Text-to-region grounding data:
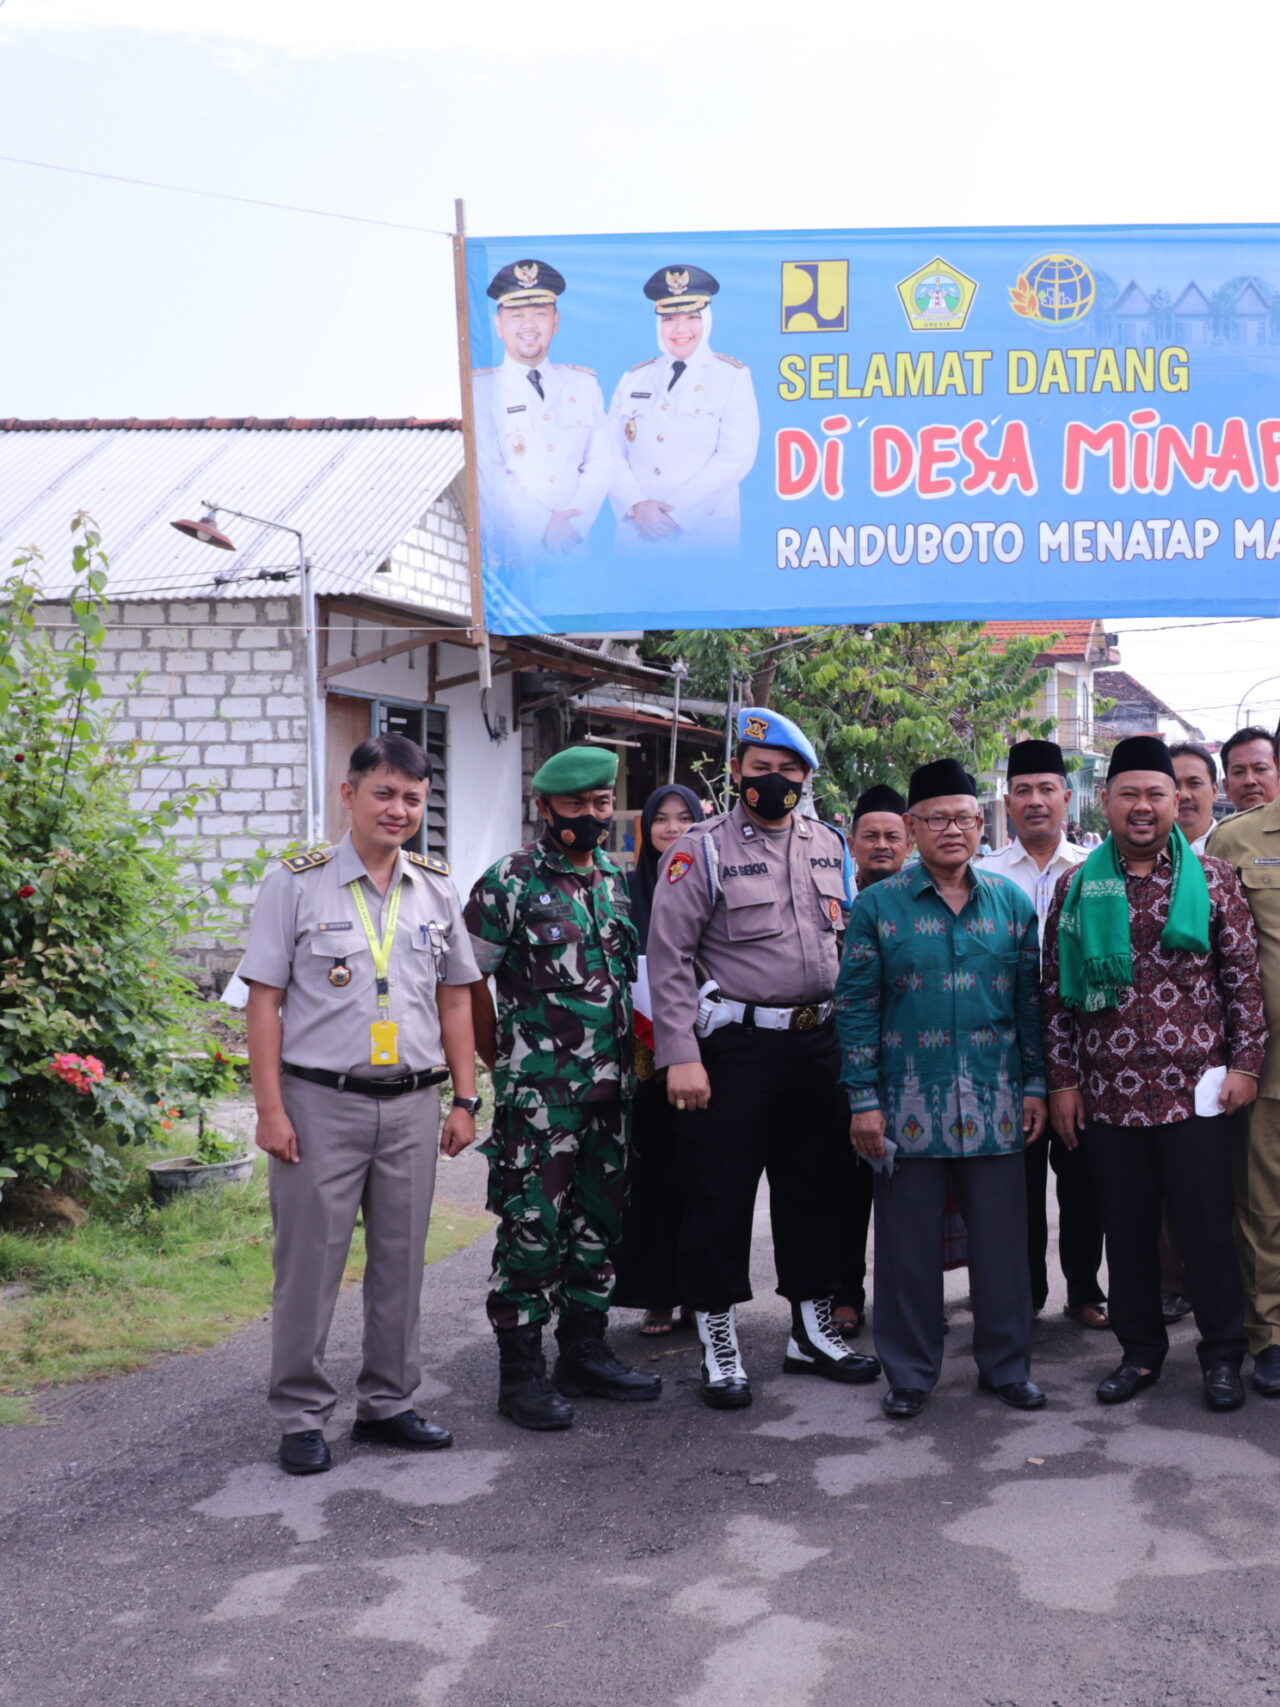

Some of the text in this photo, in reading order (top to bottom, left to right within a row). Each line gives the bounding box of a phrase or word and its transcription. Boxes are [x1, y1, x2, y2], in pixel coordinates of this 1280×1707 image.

[778, 346, 1189, 401] SELAMAT DATANG
[871, 418, 1039, 498] DESA
[776, 521, 1024, 570] RANDUBOTO
[1038, 518, 1219, 563] MENATAP
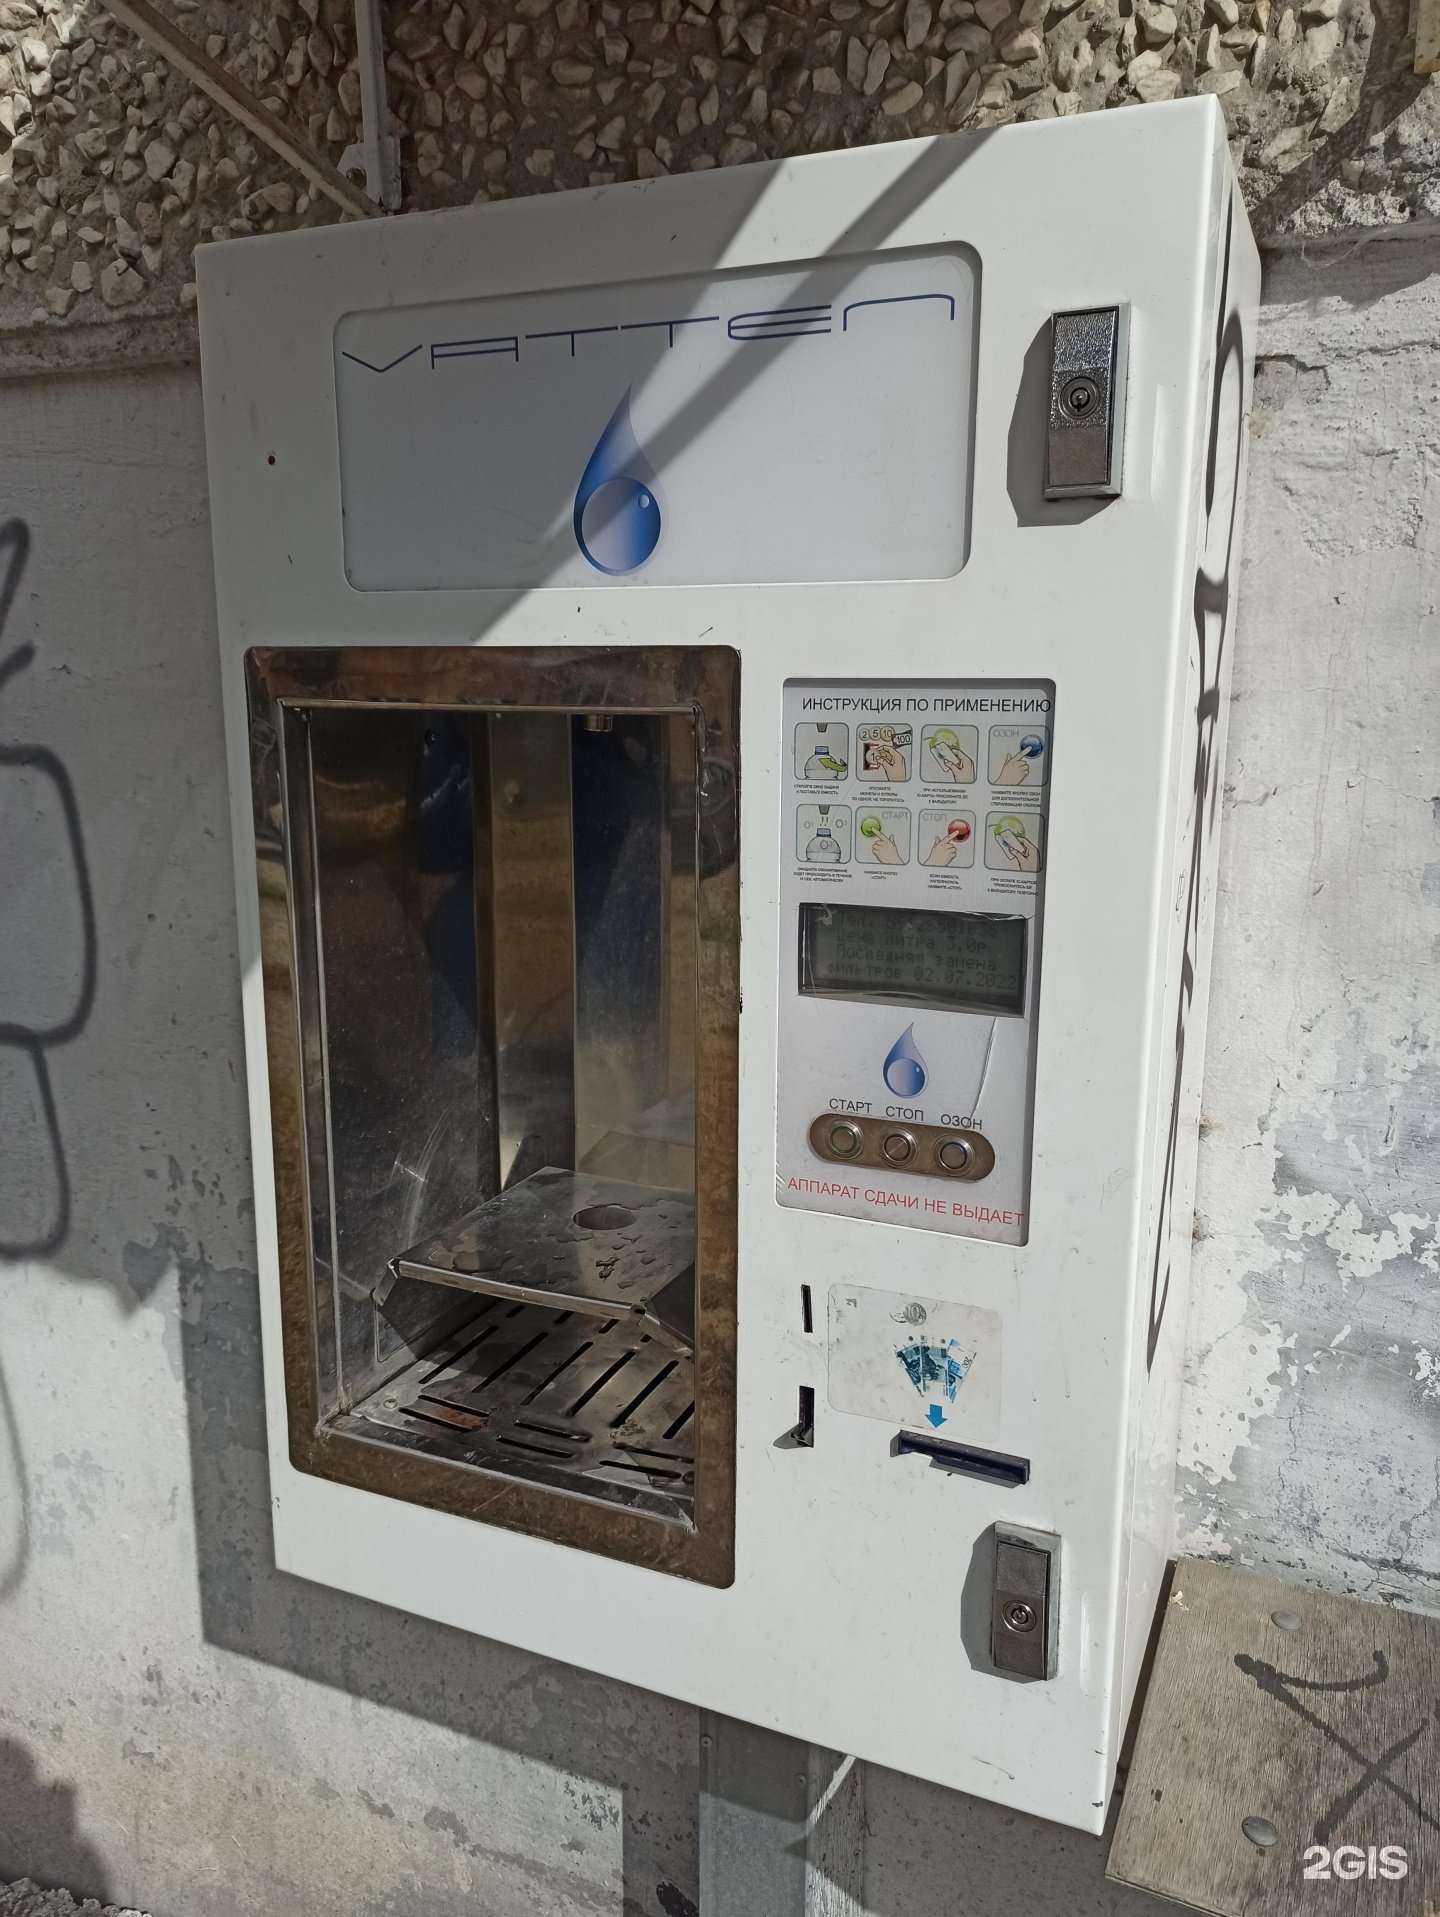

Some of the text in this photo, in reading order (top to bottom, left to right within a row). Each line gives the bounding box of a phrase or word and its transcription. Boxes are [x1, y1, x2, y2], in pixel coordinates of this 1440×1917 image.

[802, 697, 1051, 714] ИНСТРУКЦИЯ ПО ПРИМЕНЕНИЮ
[935, 954, 997, 972] замена
[828, 1098, 873, 1115] СТАРТ
[885, 1106, 924, 1121] СТОП
[940, 1113, 983, 1130] ОЗОН
[787, 1177, 1025, 1226] АППАРАТ СДАЧИ НЕ ВЫДАЕТ

#### TASK INSTRUCTIONS:
Type the lines above out again exactly as they appear, skipping every picture.

#### RESPONSE BELOW:
Some of the text in this photo, in reading order (top to bottom, left to right within a row). Each line gives the bounding box of a phrase or word and its transcription. Boxes are [x1, y1, x2, y2], in pixel coordinates of this 1280×1707 image.

[778, 346, 1189, 401] SELAMAT DATANG
[871, 418, 1039, 498] DESA
[776, 521, 1024, 570] RANDUBOTO
[1038, 518, 1219, 563] MENATAP

Some of the text in this photo, in reading order (top to bottom, left to right within a row). Each line gives the bounding box of a phrase or word and its transcription. Boxes are [x1, y1, x2, y2], in pixel coordinates of this 1440×1917 image.

[802, 697, 1051, 714] ИНСТРУКЦИЯ ПО ПРИМЕНЕНИЮ
[935, 954, 997, 972] замена
[828, 1098, 873, 1115] СТАРТ
[885, 1106, 924, 1121] СТОП
[940, 1113, 983, 1130] ОЗОН
[787, 1177, 1025, 1226] АППАРАТ СДАЧИ НЕ ВЫДАЕТ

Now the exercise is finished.